Moreover, the ASTM bicycle helmet task group, which I chair, has been
allowed to be influential in this process. The ASTM group is comprised of
industry, independent test lab people, medical people, consumer advocates, a lawyer
and, of course, Scott Heh. We hope that this new standard is implemented
as quickly as possible.
However, there is one change in this last draft standard that
we strongly oppose: The change of test headform mass to 5 kg for
infants/toddlers. I have been a strong advocate of lower headform
mass for years and feel that I have more information than is indicated
in tab D of the briefing package. Moreover, the ASTM standard
for infants and toddlers that I drafted would have been in effect
at least one year ago if not for administrative over sight at ASTM. It
is now approved and going forward with a mass of 3.2 kg for the A size
headform and 4.0 kg for the E size headform.
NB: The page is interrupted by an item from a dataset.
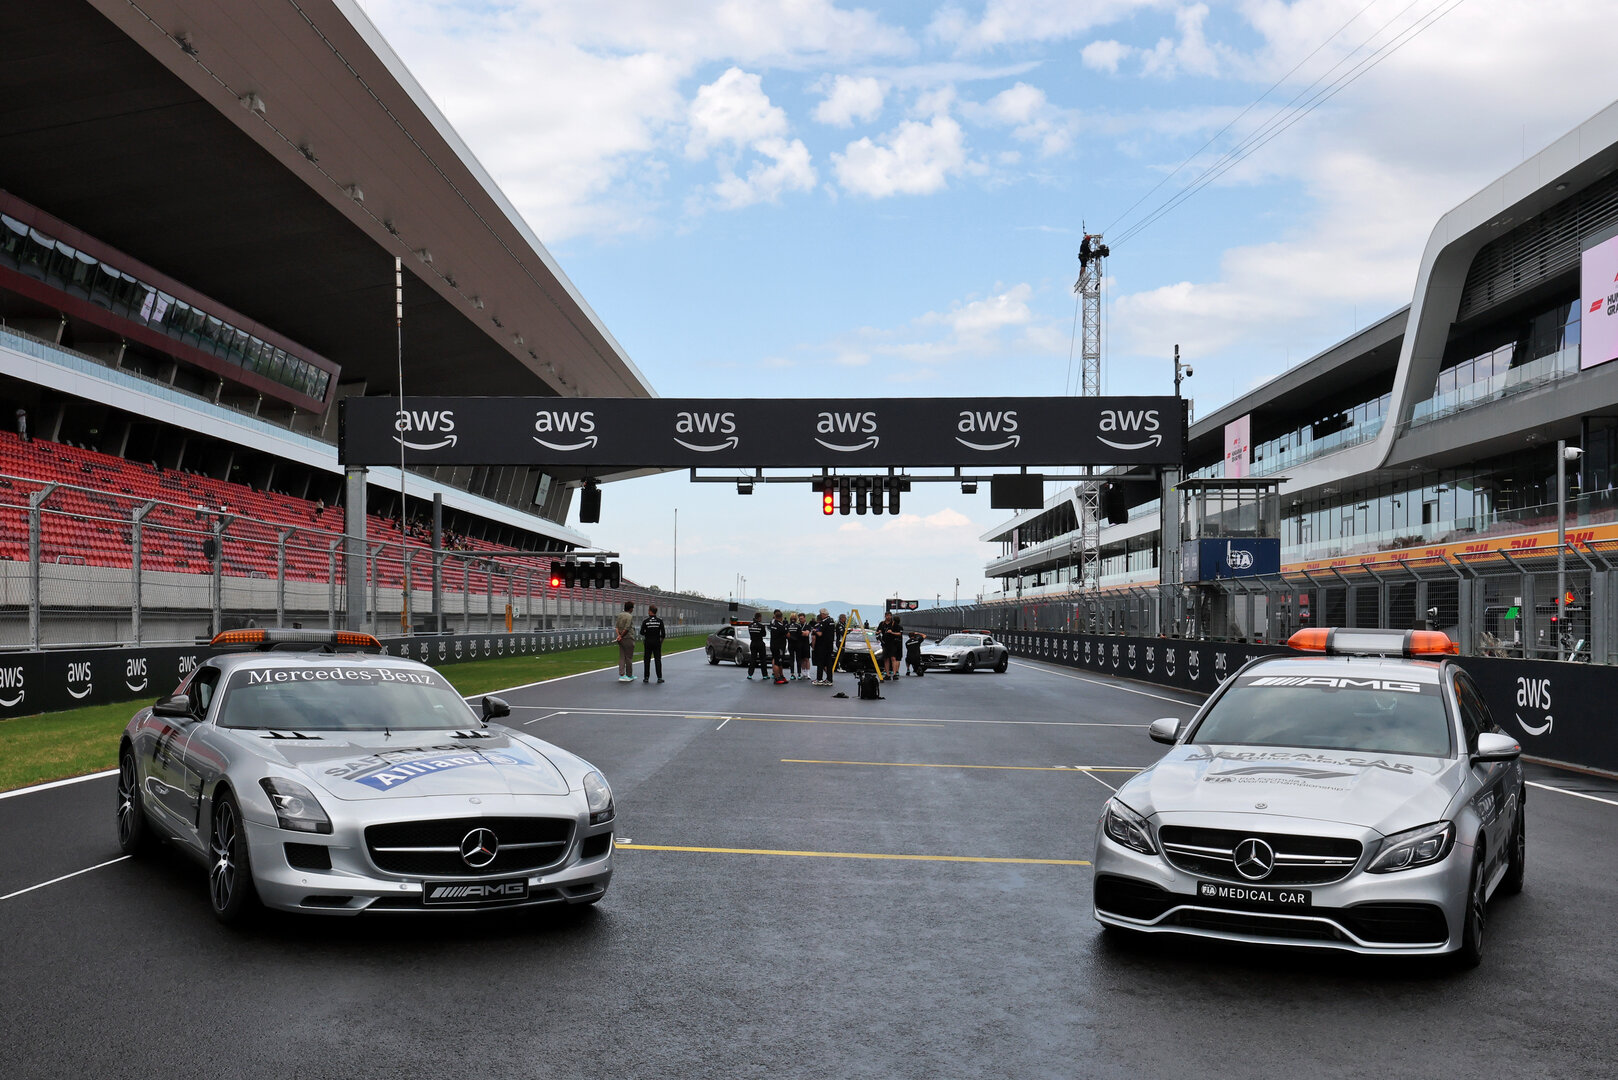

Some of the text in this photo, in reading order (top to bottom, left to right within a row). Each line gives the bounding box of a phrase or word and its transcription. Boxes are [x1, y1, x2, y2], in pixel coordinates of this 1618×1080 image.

We have no field experience
with helmets designed to these weights under the ASTM standard because
of this delay.
We do have other field experience. The Department of Transportation,
DOT, safety standard for motorcycle helmets, F.M.V.S.S. 218, has
used 3.5 kg for the small headform for adults or children, for
many years. Every study of the effectiveness of this standard has
corroborated it. In no instance has evidence been raised that
the small headform causes helmets that are too soft. The liners
in motorcycle helmets are typically in the 2.4 to 3.0 pound per
cubic feet density range whereas liners for bicycle helmets, adult
or infant, are typically 5.0 and up.
Another source of field experience is our experience with damaged
helmets returned to customer service. We pioneered infant/toddler
bicycle helmets beginning in the early '80's. We developed the
first Lil Bell Shell in the absence of bicycle helmet standards.
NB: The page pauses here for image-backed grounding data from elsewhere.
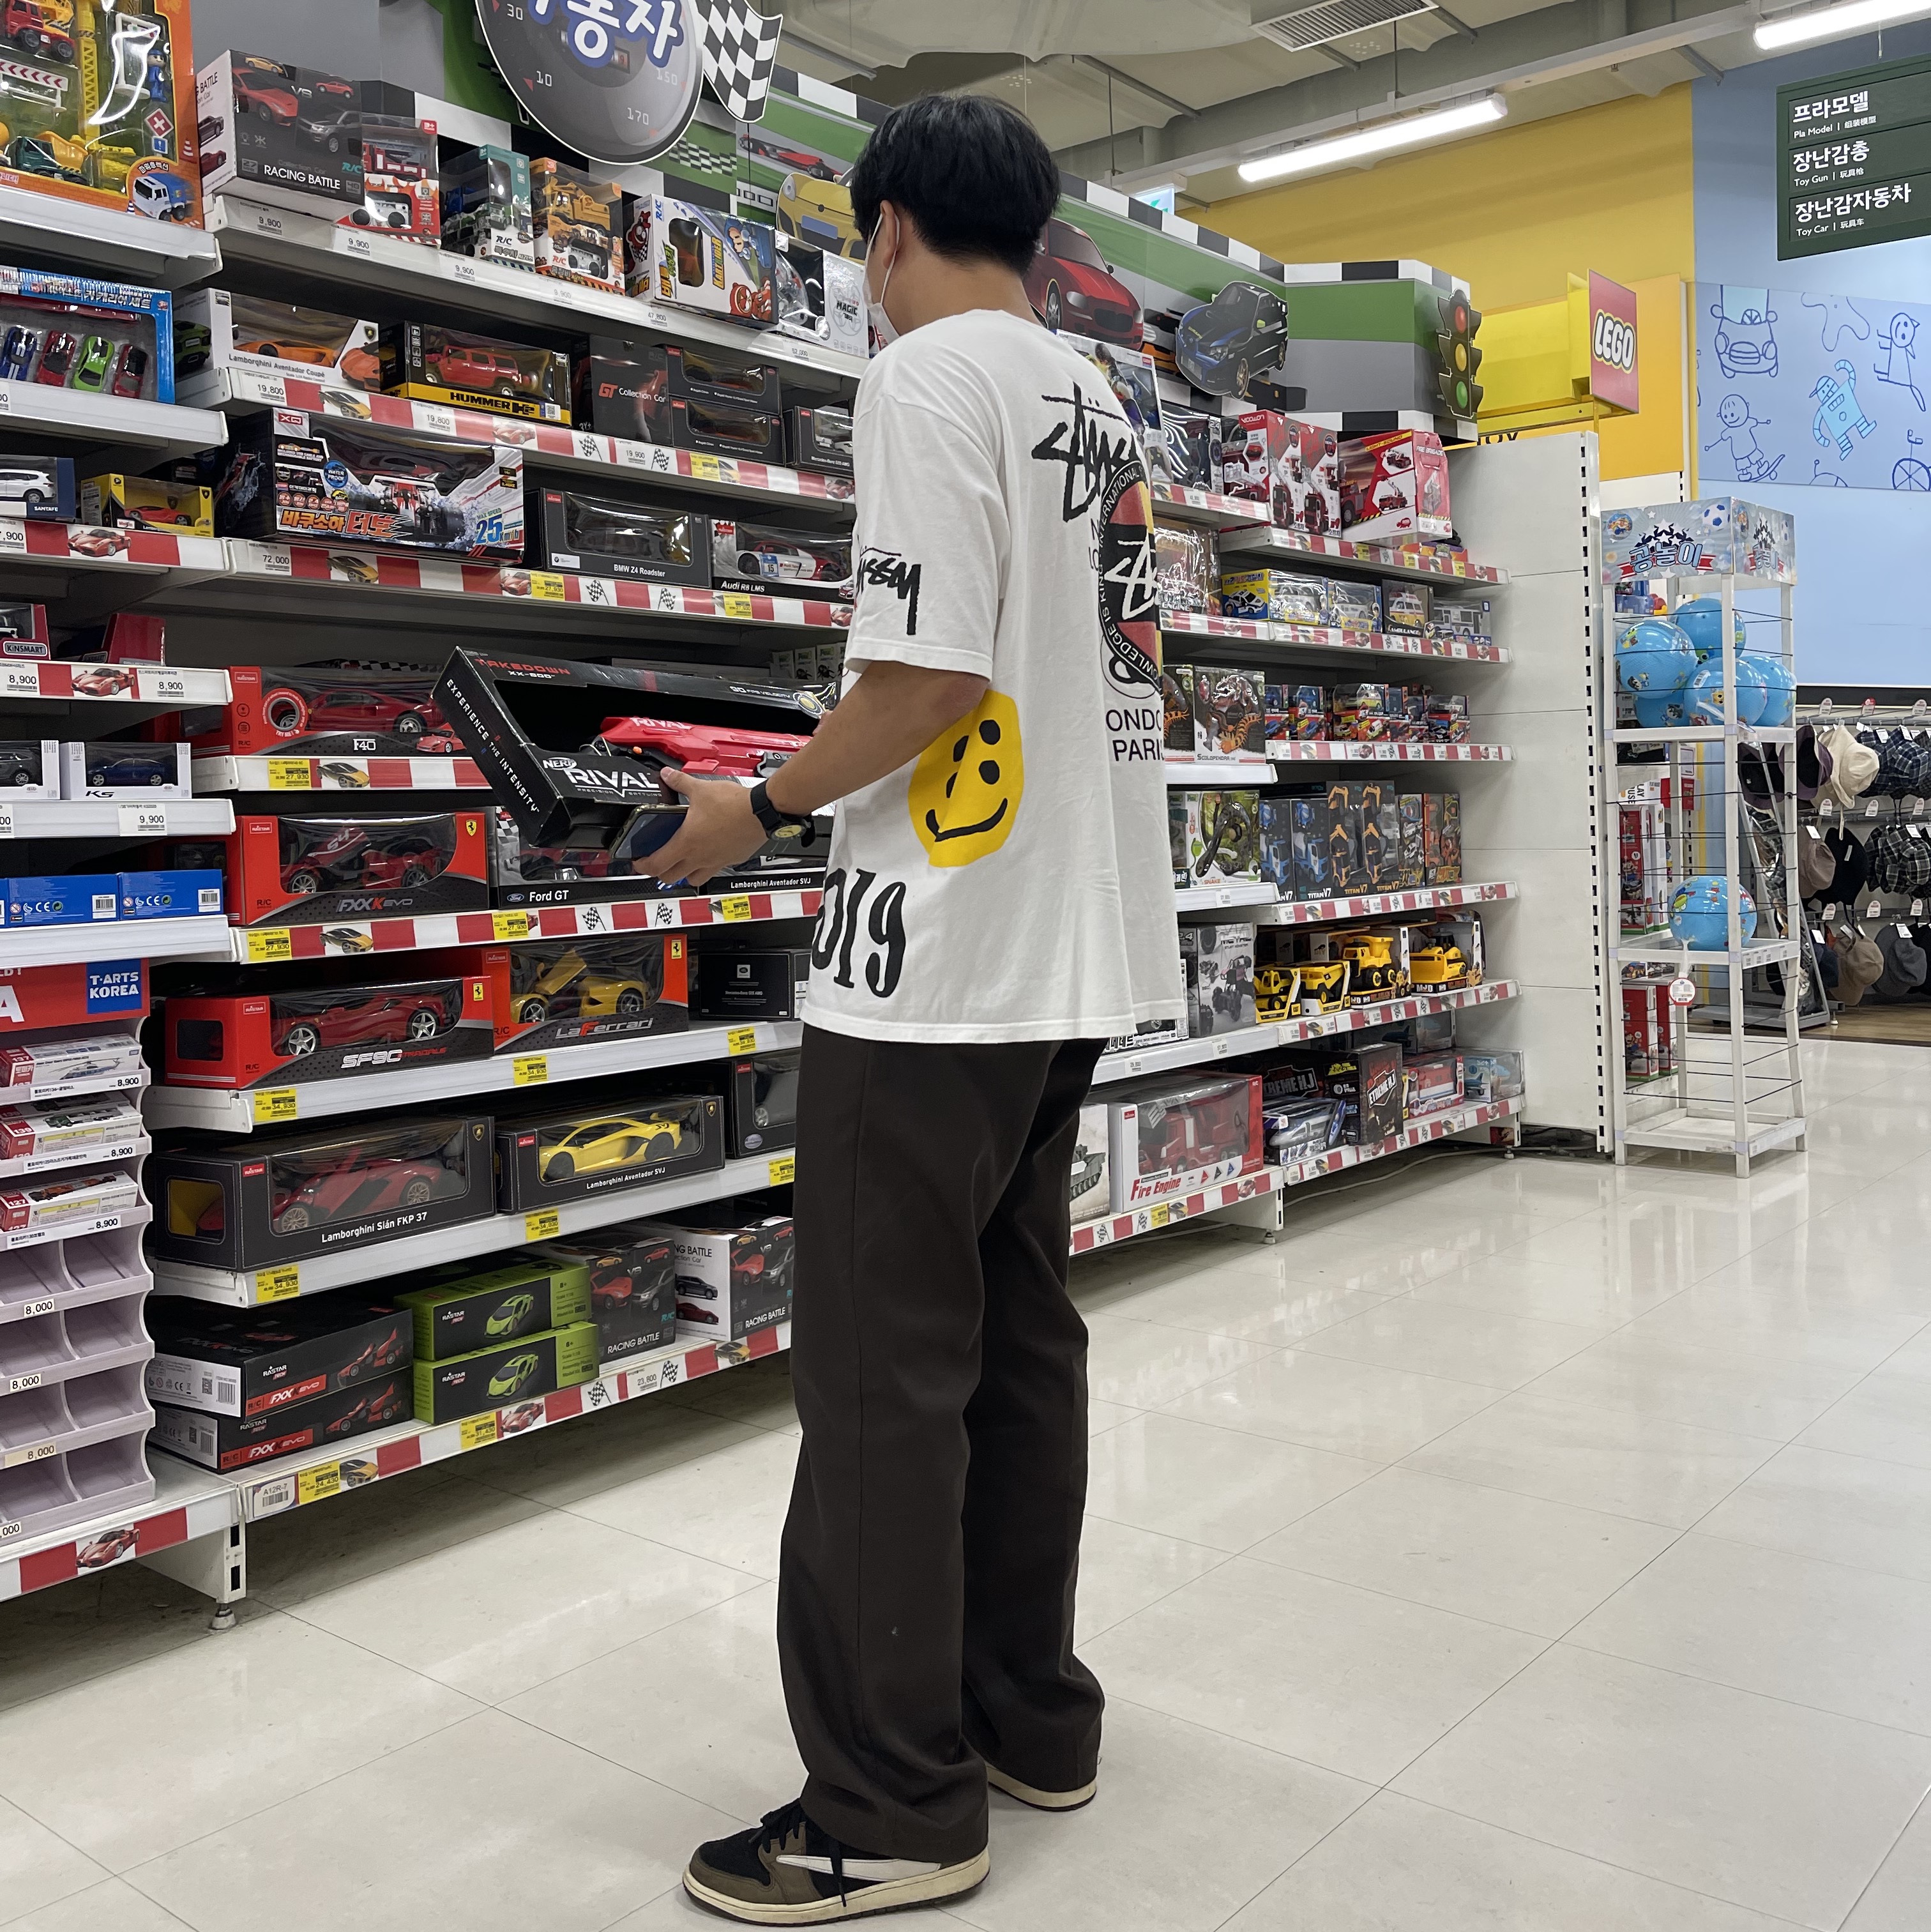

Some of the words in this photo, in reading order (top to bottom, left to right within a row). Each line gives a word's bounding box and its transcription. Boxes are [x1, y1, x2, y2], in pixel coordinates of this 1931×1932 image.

[507, 4, 523, 20] 30
[200, 72, 218, 94] BATTLE
[536, 70, 552, 87] 10
[656, 68, 678, 86] 150
[1792, 90, 1869, 123] 프라모델
[627, 107, 649, 125] 170
[1808, 124, 1833, 135] Model
[1793, 140, 1870, 172] 장난감총
[264, 164, 306, 181] RACING
[308, 173, 341, 190] BATTLE
[1794, 178, 1810, 187] Toy
[1812, 174, 1829, 184] Gun
[1795, 183, 1912, 223] 장난감자동차
[1796, 228, 1812, 237] Toy
[1814, 224, 1829, 234] Car
[496, 235, 512, 245] R/C
[552, 255, 566, 265] R/C
[837, 302, 858, 317] MAGIC
[1594, 315, 1635, 369] LEGO
[229, 353, 273, 370] Lamborghini
[274, 362, 305, 374] Aventador
[307, 367, 326, 378] Coupé
[257, 384, 284, 395] 19,800
[599, 383, 618, 399] GT
[619, 387, 652, 402] Collection
[653, 393, 667, 403] Car
[450, 392, 511, 411] HUMMER
[427, 414, 450, 425] 19,800
[489, 508, 503, 517] SPEED
[281, 509, 346, 532] 바쿠소하
[346, 512, 409, 538] 터보
[475, 514, 503, 545] 25
[263, 554, 290, 566] 72,000
[1629, 541, 1704, 574] 공놀이
[614, 564, 630, 574] BMW
[630, 566, 639, 575] Z4
[639, 568, 665, 578] Roadster
[721, 580, 739, 590] Audi
[741, 582, 750, 591] R8
[750, 584, 766, 593] LMS
[1162, 601, 1190, 612] ENGINE
[474, 658, 572, 676] TAKEDOWN
[9, 674, 37, 686] 8,900
[159, 681, 183, 692] 8,900
[629, 717, 693, 731] RIVAL
[353, 738, 377, 751] F40
[446, 679, 490, 741] EXPERIENCE
[488, 741, 501, 758] THE
[499, 757, 540, 813] INTENSITY
[1112, 738, 1164, 761] PARI
[543, 757, 577, 770] NERF
[561, 767, 661, 789] RIVAL
[576, 787, 614, 795] PRECISION
[139, 815, 164, 825] 9,900
[731, 881, 768, 890] Lamborghini
[769, 879, 799, 888] Aventador
[529, 890, 552, 902] Ford
[554, 890, 569, 901] GT
[1307, 890, 1324, 899] TITAN
[1323, 887, 1331, 898] V7
[89, 984, 139, 999] KOREA
[556, 1017, 654, 1040] LaFerrari
[340, 1049, 404, 1069] SF90
[245, 1063, 260, 1072] R/C
[117, 1077, 139, 1087] 8,900
[272, 1102, 296, 1111] 34,930
[111, 1146, 133, 1157] 8,900
[587, 1176, 623, 1189] Lamborghini
[624, 1170, 655, 1182] Aventador
[655, 1166, 665, 1175] SVJ
[1130, 1178, 1151, 1201] Fire
[1153, 1177, 1182, 1196] Engine
[96, 1218, 118, 1229] 8,900
[321, 1225, 376, 1244] Lamborghini
[376, 1220, 396, 1232] Sián
[397, 1215, 415, 1228] FKP
[416, 1212, 428, 1224] 37
[687, 1246, 712, 1258] BATTLE
[692, 1255, 702, 1263] Car
[274, 1280, 299, 1289] 34,930
[26, 1301, 54, 1315] 8,000
[442, 1309, 465, 1321] RASTAR
[745, 1314, 768, 1330] RACING
[768, 1307, 786, 1320] BATTLE
[607, 1337, 636, 1355] RACING
[637, 1332, 660, 1346] BATTLE
[262, 1365, 287, 1377] RASTAR
[442, 1371, 466, 1382] RASTAR
[11, 1374, 40, 1390] 8,000
[239, 1419, 267, 1431] RASTAR
[27, 1445, 56, 1460] 8,000
[262, 1482, 288, 1496] A12R-7
[315, 1476, 339, 1488] 24,430
We followed our intuition, experience and test data. We pushed
ourselves up to 4# density just to make the helmets sturdier and
more dent resistant in handling. We didn't think that was too
high. Since then we have sold hundreds of thousands of infant/toddler
helmets. At times standards and design details have
forced us as high as 5.75#. We now run at 5# for all infant model
helmets. In all this time, with all these models, we have never
seen an infant toddler helmet that was anywhere near bottoming
out. Moreover, I collected damaged infant/toddler helmets for
several months in 1995. Not only did I not see bottomed out helmets,
I didn't see any helmet showing signs of crushing on the inside.
This poses the question of whether the helmets are stiffer
than infant heads or do infants just not hit that hard. The evidence
is that most of the time infants don't hit all that hard. But
the evidence also indicates that bottoming out is not a risk for
Now I want to offer some common sense and basic physics. First,
energy management is often discussed regarding helmet standards.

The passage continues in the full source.